Before I could return a word, on my side, Lucilla’s voice reached our ears, calling to me from the garden. Nugent instantly sprang to his feet.

“Have we said all we need say?” he asked.

“Yes—for to-day, at any rate.”

“For to-day, then—goodbye.”

He leapt up; caught the cross-bar of wood over the entrance to the summer-house; and, swinging himself on to the low garden-wall beyond, disappeared in the field on the other side. I answered Lucilla’s call, and hastened away to find her. We met on the lawn. She looked wild and pale, as if something had frightened her.

“Anything wrong at the rectory?” I asked.

“Nothing wrong,” she answered—“except with Me. The next time I complain of fatigue, don’t advise me to go and lie down on my bed.”

“Why not? I looked in at you, before I came out here. You were fast asleep—the picture of repose.”

“Repose? You never were more mistaken in your life. I was in the agony of a horrid dream.”

“You were perfectly quiet when I saw you.”

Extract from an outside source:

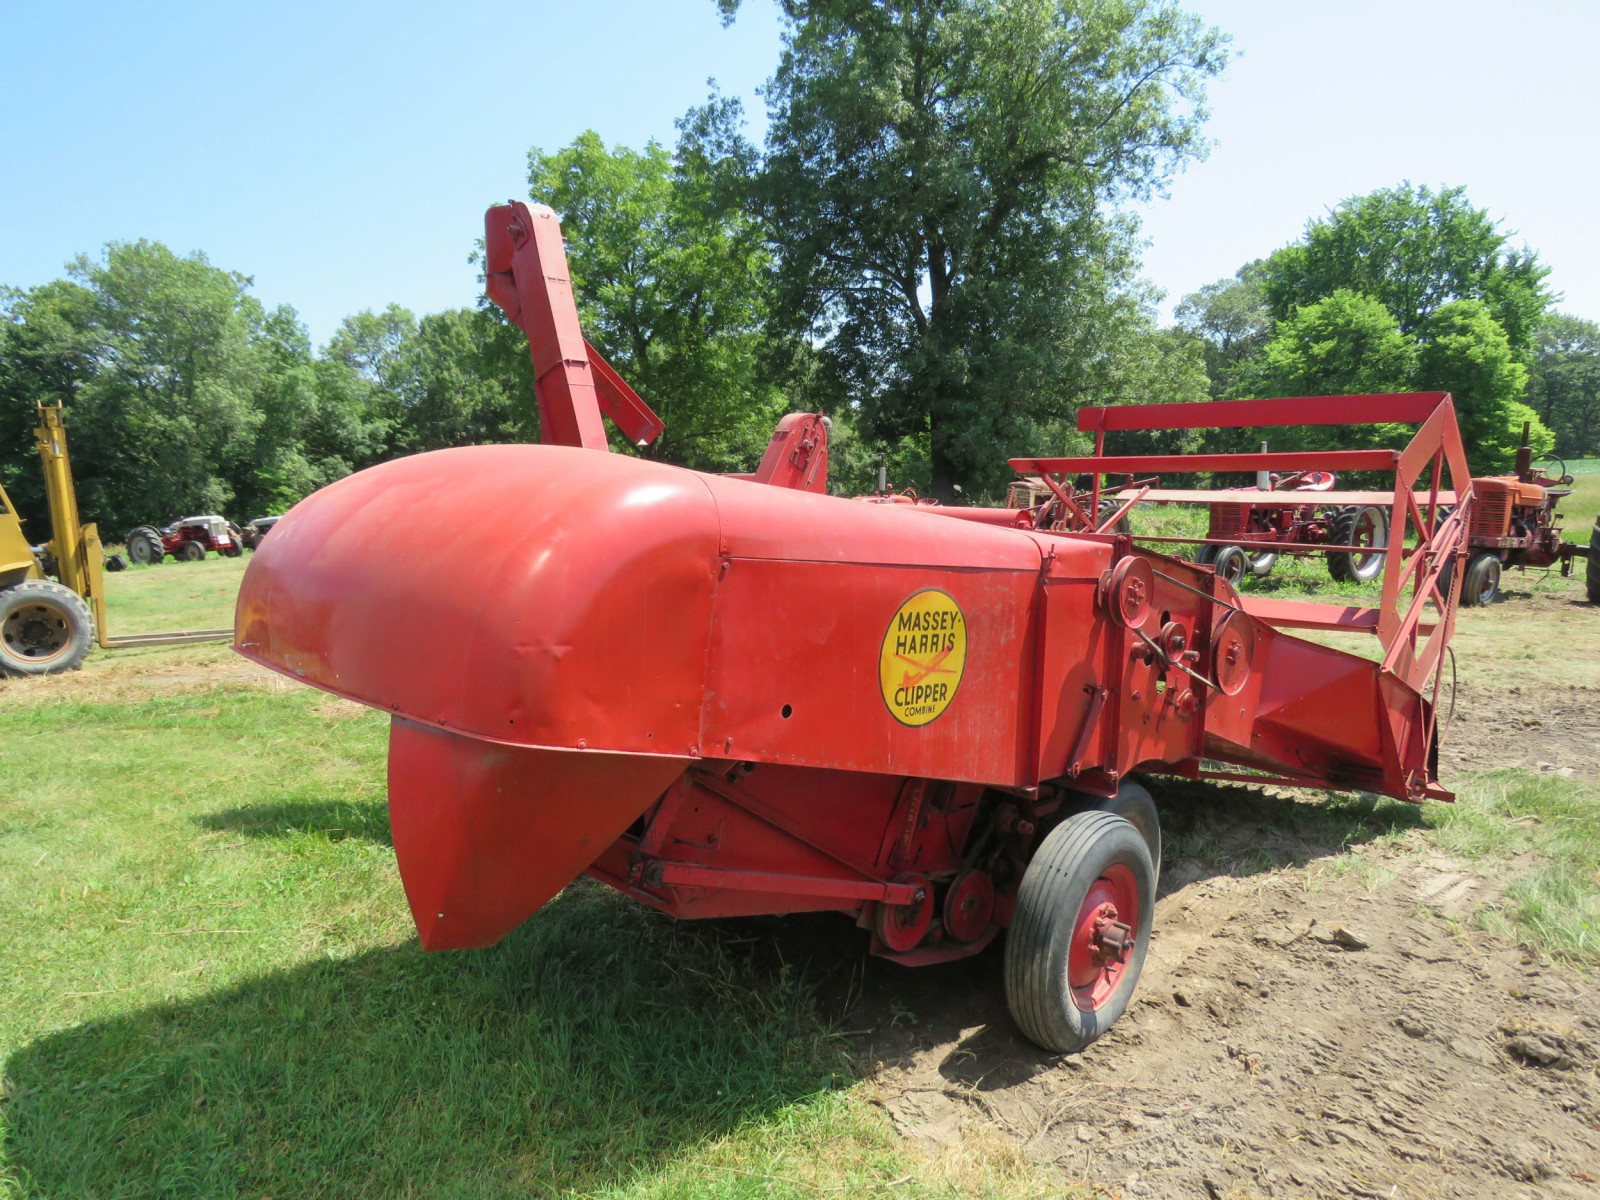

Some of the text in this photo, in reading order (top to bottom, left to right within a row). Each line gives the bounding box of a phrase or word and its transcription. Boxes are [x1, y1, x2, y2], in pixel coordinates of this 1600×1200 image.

[896, 633, 955, 655] HARRIS
[895, 683, 947, 706] CLIPPER
[904, 705, 936, 717] COMBINE

“It must have been after you saw me, then. Let me come and sleep with you tonight. I daren’t be by myself, if I dream of it again.”

“What did you dream of?”

“I dreamt that I was standing, in my wedding dress, before the altar of a strange church; and that a clergyman whose voice I had never heard before, was marrying me–-” She stopped, impatiently waving her hand before her in the air. “Blind as I am,” she said, “I see him again now!”

“The bridegroom?”

“Yes.”

“Oscar?”

“No.”

“Who then?”

“Oscar’s brother. Nugent Dubourg.”

(Have I mentioned before, that I am sometimes a great fool? If I have not, I beg to mention it now. I burst out laughing.)

“What is there to laugh at?” she asked angrily. “I saw his hideous, discolored face—I am never blind in my dreams! I felt his blue hand put the ring on my finger. Wait! The worst part of it is to come. I married Nugent Dubourg willingly—married him without a thought of my engagement to Oscar. Yes! yes! I know it’s only a dream. I can’t bear to think of it, for all that. I don’t like to be false to Oscar even in a dream. Let us go to him. I want to hear him tell me that he loves me. Come to Browndown. I’m so nervous, I don’t like going by myself. Come to Browndown!”

I have another humiliating confession to make—I tried to get off going to Browndown. (So like those unfeeling French people, isn’t it?)

But I had my reason too. If I disapproved of the resolution at which Nugent had arrived, I viewed far more unfavorably the selfish weakness on Oscar’s part, which had allowed his brother to sacrifice himself. Lucilla’s lover had sunk to something very like a despicable character in my estimation. I felt that I might let him see what I thought of him, if I found myself in his company at that moment.

“Considering the object that you have in view, my dear,” I said to Lucilla, “do you think you want me at Browndown?”

“Haven’t I already told you?” she asked impatiently. “I am so nervous—so completely upset—that I don’t feel equal to going out by myself. Have you no sympathy for me? Suppose you had dreamed that you were marrying Nugent instead of Oscar?”

“Ah, bah! what of that? I should only have dreamed that I was marrying the most agreeable man of the two.”

“The most agreeable man of the two! There you are again—always unjust to Oscar.”

“My love! if you could see for yourself, you would learn to appreciate Nugent’s good qualities, as I do.”

“I prefer appreciating Oscar’s good qualities.”

“You are prejudiced, Lucilla.”

“So are you!”

“You happen to have met Oscar first.”

“That has nothing to do with it.”

“Yes! yes! If Nugent had followed us, instead of Oscar; if, of those two charming voices which are both the same, one had spoken instead of the other—”

“I won’t hear a word more!”

“Tra-la-la-la! It happens to have been Oscar. Turn it the other way—and Nugent might have been the man.

“Madame Pratolungo, I am not accustomed to be insulted! I have no more to say to you.”

With that dignified reply, and with the loveliest color in her face that you ever saw in your life, my darling Lucilla turned her pretty back on me, and set off for Browndown by herself.